* Problem details *
Word for word, restate all the records; images are not part of the copy.

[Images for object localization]
■ ■ ■ ■ ■ ■ ■
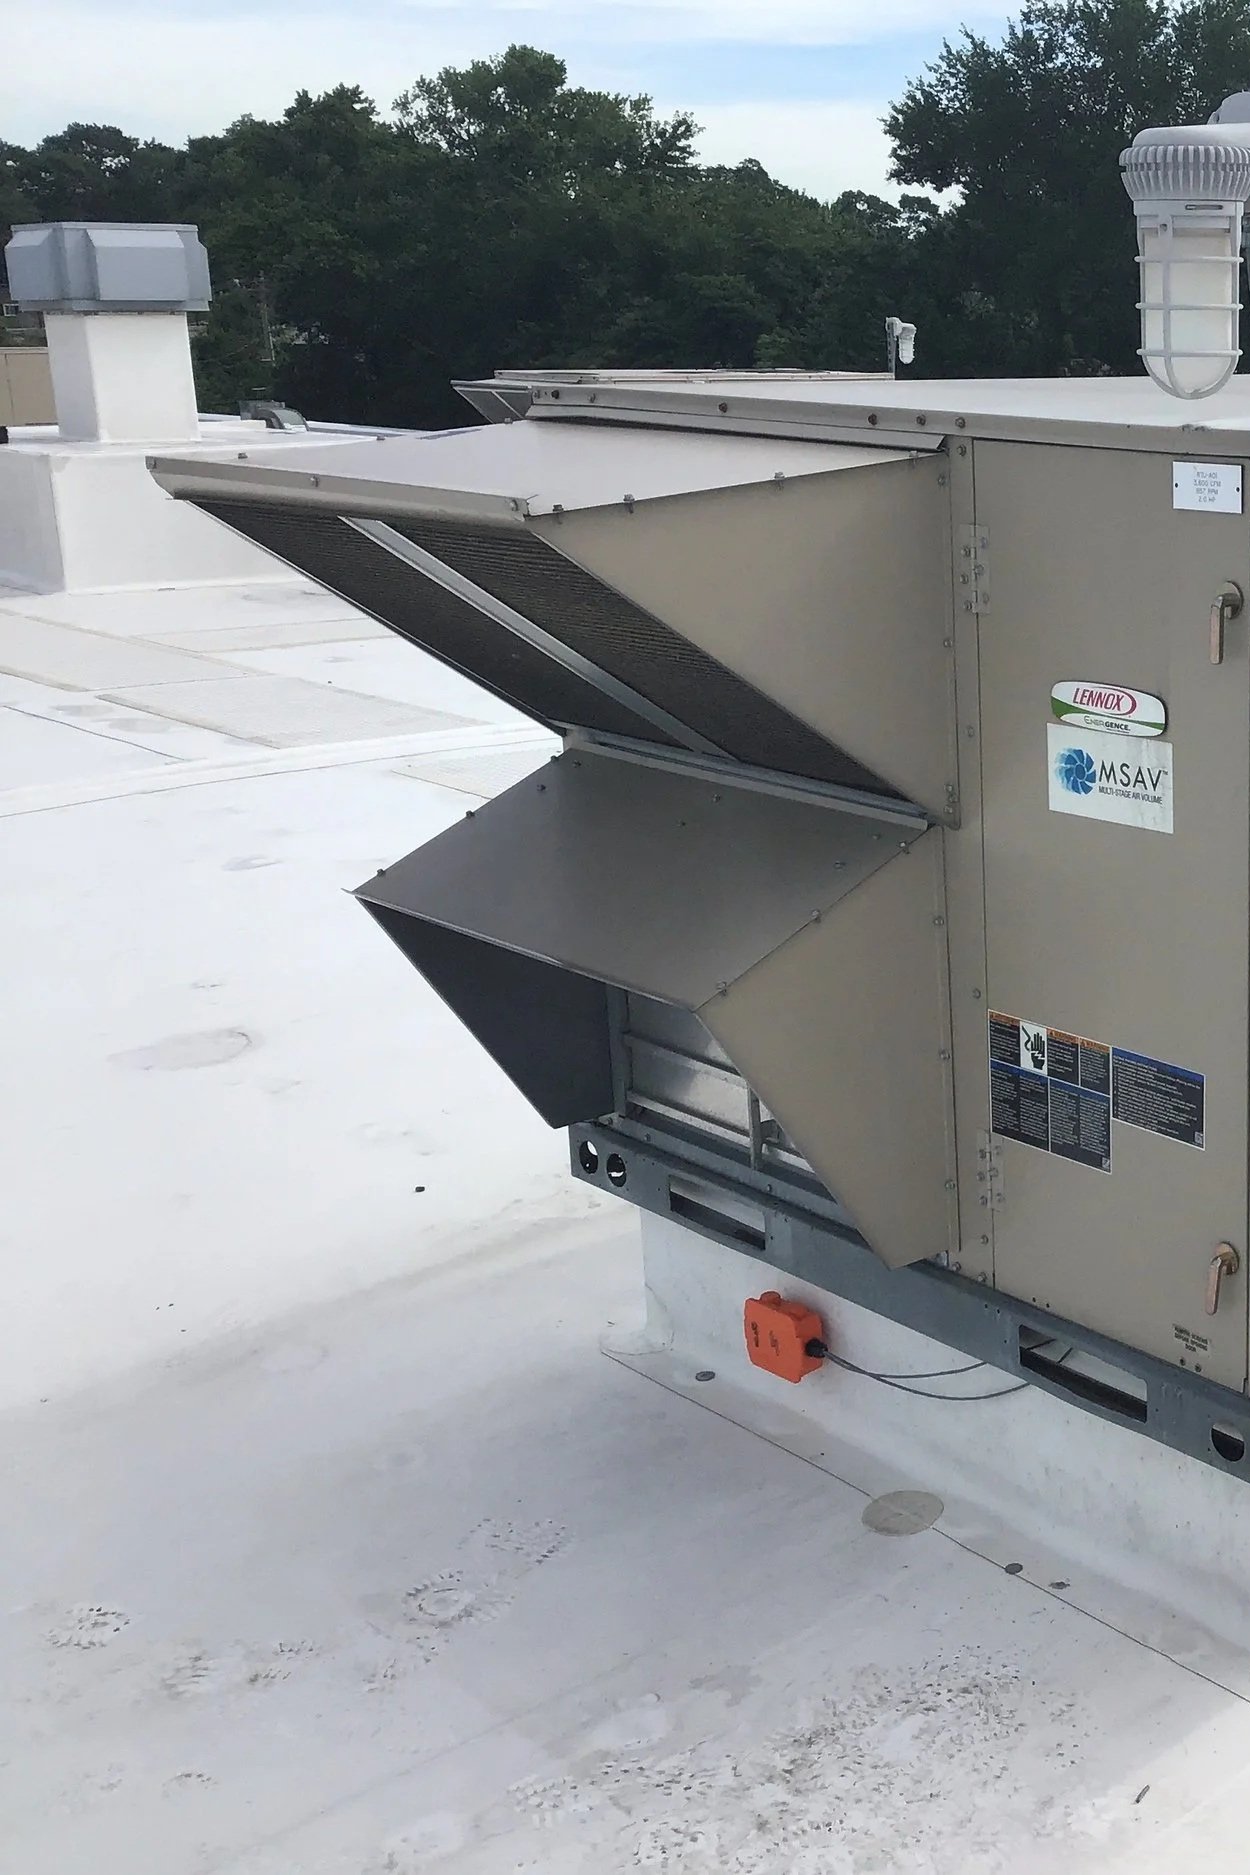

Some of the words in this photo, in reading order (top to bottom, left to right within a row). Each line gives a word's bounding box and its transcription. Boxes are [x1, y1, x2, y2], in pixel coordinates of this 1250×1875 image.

[1072, 687, 1125, 712] LENNOX
[1098, 785, 1131, 800] MULTI-STAGE
[1131, 792, 1141, 801] AIR
[1141, 794, 1163, 805] VOLUME
■ ■ ■ ■ ■ ■ ■
* Output for this task *
Some of the words in this photo, in reading order (top to bottom, left to right within a row). Each line gives a word's bounding box and its transcription. Boxes are [x1, y1, x2, y2], in pixel coordinates of this 1250×1875 image.

[1072, 687, 1125, 712] LENNOX
[1098, 785, 1131, 800] MULTI-STAGE
[1131, 792, 1141, 801] AIR
[1141, 794, 1163, 805] VOLUME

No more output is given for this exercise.